## DIRECTIONS
Only an exact repetition of the entries will do.

Segment Start: GIVEN DATA

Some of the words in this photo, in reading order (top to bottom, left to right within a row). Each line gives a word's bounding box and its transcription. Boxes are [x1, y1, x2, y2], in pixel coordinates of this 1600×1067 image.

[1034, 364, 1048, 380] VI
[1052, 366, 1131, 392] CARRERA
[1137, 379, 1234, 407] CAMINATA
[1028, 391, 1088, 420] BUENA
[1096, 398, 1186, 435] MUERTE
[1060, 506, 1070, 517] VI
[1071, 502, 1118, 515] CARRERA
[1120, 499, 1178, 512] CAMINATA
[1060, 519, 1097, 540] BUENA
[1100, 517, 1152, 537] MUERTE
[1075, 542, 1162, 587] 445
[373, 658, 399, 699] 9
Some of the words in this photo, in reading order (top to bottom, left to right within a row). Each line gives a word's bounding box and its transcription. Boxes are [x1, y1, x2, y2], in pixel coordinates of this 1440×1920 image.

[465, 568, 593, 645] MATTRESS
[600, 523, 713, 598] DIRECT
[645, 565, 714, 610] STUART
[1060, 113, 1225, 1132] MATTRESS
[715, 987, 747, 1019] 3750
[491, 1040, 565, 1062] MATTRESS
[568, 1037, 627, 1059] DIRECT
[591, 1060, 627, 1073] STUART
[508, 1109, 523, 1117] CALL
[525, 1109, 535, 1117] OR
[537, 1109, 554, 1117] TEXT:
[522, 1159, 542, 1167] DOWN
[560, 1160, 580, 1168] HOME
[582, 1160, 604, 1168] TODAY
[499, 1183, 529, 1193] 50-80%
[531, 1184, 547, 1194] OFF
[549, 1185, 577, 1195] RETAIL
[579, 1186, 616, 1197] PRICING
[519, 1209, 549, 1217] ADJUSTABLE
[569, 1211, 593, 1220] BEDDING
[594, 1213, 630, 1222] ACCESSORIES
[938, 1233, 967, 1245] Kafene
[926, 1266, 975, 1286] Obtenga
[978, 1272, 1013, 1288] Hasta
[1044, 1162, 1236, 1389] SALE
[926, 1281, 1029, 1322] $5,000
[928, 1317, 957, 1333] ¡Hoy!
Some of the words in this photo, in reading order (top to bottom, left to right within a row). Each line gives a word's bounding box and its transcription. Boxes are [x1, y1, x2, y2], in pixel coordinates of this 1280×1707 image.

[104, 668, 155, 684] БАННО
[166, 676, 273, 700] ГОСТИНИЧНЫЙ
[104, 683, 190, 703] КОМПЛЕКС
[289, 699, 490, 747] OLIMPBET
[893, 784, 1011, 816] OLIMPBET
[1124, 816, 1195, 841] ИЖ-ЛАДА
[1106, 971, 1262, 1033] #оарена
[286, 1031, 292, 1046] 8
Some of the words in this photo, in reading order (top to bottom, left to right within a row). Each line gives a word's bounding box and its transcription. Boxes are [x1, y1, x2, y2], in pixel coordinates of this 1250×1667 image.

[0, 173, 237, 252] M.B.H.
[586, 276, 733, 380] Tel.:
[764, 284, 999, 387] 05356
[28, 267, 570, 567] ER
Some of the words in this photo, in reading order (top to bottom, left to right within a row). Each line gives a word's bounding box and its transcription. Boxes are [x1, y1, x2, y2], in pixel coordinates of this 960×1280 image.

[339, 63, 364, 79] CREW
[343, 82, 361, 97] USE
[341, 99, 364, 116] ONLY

Segment End: GIVEN DATA

## WRITTEN ANSWER
Some of the words in this photo, in reading order (top to bottom, left to right within a row). Each line gives a word's bounding box and its transcription. Boxes are [x1, y1, x2, y2], in pixel coordinates of this 1600×1067 image.

[1034, 364, 1048, 380] VI
[1052, 366, 1131, 392] CARRERA
[1137, 379, 1234, 407] CAMINATA
[1028, 391, 1088, 420] BUENA
[1096, 398, 1186, 435] MUERTE
[1060, 506, 1070, 517] VI
[1071, 502, 1118, 515] CARRERA
[1120, 499, 1178, 512] CAMINATA
[1060, 519, 1097, 540] BUENA
[1100, 517, 1152, 537] MUERTE
[1075, 542, 1162, 587] 445
[373, 658, 399, 699] 9
Some of the words in this photo, in reading order (top to bottom, left to right within a row). Each line gives a word's bounding box and its transcription. Boxes are [x1, y1, x2, y2], in pixel coordinates of this 1440×1920 image.

[465, 568, 593, 645] MATTRESS
[600, 523, 713, 598] DIRECT
[645, 565, 714, 610] STUART
[1060, 113, 1225, 1132] MATTRESS
[715, 987, 747, 1019] 3750
[491, 1040, 565, 1062] MATTRESS
[568, 1037, 627, 1059] DIRECT
[591, 1060, 627, 1073] STUART
[508, 1109, 523, 1117] CALL
[525, 1109, 535, 1117] OR
[537, 1109, 554, 1117] TEXT:
[522, 1159, 542, 1167] DOWN
[560, 1160, 580, 1168] HOME
[582, 1160, 604, 1168] TODAY
[499, 1183, 529, 1193] 50-80%
[531, 1184, 547, 1194] OFF
[549, 1185, 577, 1195] RETAIL
[579, 1186, 616, 1197] PRICING
[519, 1209, 549, 1217] ADJUSTABLE
[569, 1211, 593, 1220] BEDDING
[594, 1213, 630, 1222] ACCESSORIES
[938, 1233, 967, 1245] Kafene
[926, 1266, 975, 1286] Obtenga
[978, 1272, 1013, 1288] Hasta
[1044, 1162, 1236, 1389] SALE
[926, 1281, 1029, 1322] $5,000
[928, 1317, 957, 1333] ¡Hoy!
Some of the words in this photo, in reading order (top to bottom, left to right within a row). Each line gives a word's bounding box and its transcription. Boxes are [x1, y1, x2, y2], in pixel coordinates of this 1280×1707 image.

[104, 668, 155, 684] БАННО
[166, 676, 273, 700] ГОСТИНИЧНЫЙ
[104, 683, 190, 703] КОМПЛЕКС
[289, 699, 490, 747] OLIMPBET
[893, 784, 1011, 816] OLIMPBET
[1124, 816, 1195, 841] ИЖ-ЛАДА
[1106, 971, 1262, 1033] #оарена
[286, 1031, 292, 1046] 8
Some of the words in this photo, in reading order (top to bottom, left to right within a row). Each line gives a word's bounding box and its transcription. Boxes are [x1, y1, x2, y2], in pixel coordinates of this 1250×1667 image.

[0, 173, 237, 252] M.B.H.
[586, 276, 733, 380] Tel.:
[764, 284, 999, 387] 05356
[28, 267, 570, 567] ER
Some of the words in this photo, in reading order (top to bottom, left to right within a row). Each line gives a word's bounding box and its transcription. Boxes are [x1, y1, x2, y2], in pixel coordinates of this 960×1280 image.

[339, 63, 364, 79] CREW
[343, 82, 361, 97] USE
[341, 99, 364, 116] ONLY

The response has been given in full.